*About this exercise*.
Lines from the one containing "this 1600×1200 image." through the last line of the data are to be repeated word for word, both ends included.

*Available data*.

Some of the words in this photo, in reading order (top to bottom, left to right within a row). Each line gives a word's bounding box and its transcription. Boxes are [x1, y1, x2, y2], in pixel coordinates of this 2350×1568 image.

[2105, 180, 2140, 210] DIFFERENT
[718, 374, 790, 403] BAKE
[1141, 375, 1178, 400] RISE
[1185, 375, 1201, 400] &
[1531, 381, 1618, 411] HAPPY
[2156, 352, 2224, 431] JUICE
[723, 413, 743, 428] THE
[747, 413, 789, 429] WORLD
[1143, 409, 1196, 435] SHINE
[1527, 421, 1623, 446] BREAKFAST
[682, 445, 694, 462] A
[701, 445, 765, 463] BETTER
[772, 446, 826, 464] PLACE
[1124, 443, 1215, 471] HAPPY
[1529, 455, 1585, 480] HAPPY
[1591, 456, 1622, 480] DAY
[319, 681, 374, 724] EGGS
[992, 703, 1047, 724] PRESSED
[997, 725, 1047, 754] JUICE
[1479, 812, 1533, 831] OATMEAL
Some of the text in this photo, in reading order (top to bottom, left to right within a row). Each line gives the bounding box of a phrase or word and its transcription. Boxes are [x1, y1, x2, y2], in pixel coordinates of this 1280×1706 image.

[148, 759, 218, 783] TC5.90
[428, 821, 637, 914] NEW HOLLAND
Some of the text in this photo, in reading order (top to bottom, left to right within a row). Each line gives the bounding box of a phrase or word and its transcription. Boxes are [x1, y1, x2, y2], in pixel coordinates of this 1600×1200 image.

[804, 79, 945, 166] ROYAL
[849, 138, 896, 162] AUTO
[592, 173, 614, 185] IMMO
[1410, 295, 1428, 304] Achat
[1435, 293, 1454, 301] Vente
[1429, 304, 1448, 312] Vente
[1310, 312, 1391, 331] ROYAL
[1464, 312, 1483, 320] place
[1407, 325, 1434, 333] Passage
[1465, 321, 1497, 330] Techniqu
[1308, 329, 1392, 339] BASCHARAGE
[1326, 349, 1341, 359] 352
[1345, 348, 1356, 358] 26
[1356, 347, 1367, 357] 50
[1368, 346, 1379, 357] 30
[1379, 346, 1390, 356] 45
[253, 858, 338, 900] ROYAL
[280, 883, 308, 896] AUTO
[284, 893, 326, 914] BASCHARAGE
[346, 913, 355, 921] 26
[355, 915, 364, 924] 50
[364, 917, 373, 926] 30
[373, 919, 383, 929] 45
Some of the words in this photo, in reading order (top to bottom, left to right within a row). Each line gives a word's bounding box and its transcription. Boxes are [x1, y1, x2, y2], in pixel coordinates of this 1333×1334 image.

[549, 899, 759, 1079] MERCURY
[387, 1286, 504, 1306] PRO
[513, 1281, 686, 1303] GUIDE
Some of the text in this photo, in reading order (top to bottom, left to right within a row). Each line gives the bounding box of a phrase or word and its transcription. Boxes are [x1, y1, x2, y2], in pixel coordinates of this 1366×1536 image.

*Exercise result*.
Some of the text in this photo, in reading order (top to bottom, left to right within a row). Each line gives the bounding box of a phrase or word and its transcription. Boxes are [x1, y1, x2, y2], in pixel coordinates of this 1600×1200 image.

[804, 79, 945, 166] ROYAL
[849, 138, 896, 162] AUTO
[592, 173, 614, 185] IMMO
[1410, 295, 1428, 304] Achat
[1435, 293, 1454, 301] Vente
[1429, 304, 1448, 312] Vente
[1310, 312, 1391, 331] ROYAL
[1464, 312, 1483, 320] place
[1407, 325, 1434, 333] Passage
[1465, 321, 1497, 330] Techniqu
[1308, 329, 1392, 339] BASCHARAGE
[1326, 349, 1341, 359] 352
[1345, 348, 1356, 358] 26
[1356, 347, 1367, 357] 50
[1368, 346, 1379, 357] 30
[1379, 346, 1390, 356] 45
[253, 858, 338, 900] ROYAL
[280, 883, 308, 896] AUTO
[284, 893, 326, 914] BASCHARAGE
[346, 913, 355, 921] 26
[355, 915, 364, 924] 50
[364, 917, 373, 926] 30
[373, 919, 383, 929] 45
Some of the words in this photo, in reading order (top to bottom, left to right within a row). Each line gives a word's bounding box and its transcription. Boxes are [x1, y1, x2, y2], in pixel coordinates of this 1333×1334 image.

[549, 899, 759, 1079] MERCURY
[387, 1286, 504, 1306] PRO
[513, 1281, 686, 1303] GUIDE
Some of the text in this photo, in reading order (top to bottom, left to right within a row). Each line gives the bounding box of a phrase or word and its transcription. Boxes are [x1, y1, x2, y2], in pixel coordinates of this 1366×1536 image.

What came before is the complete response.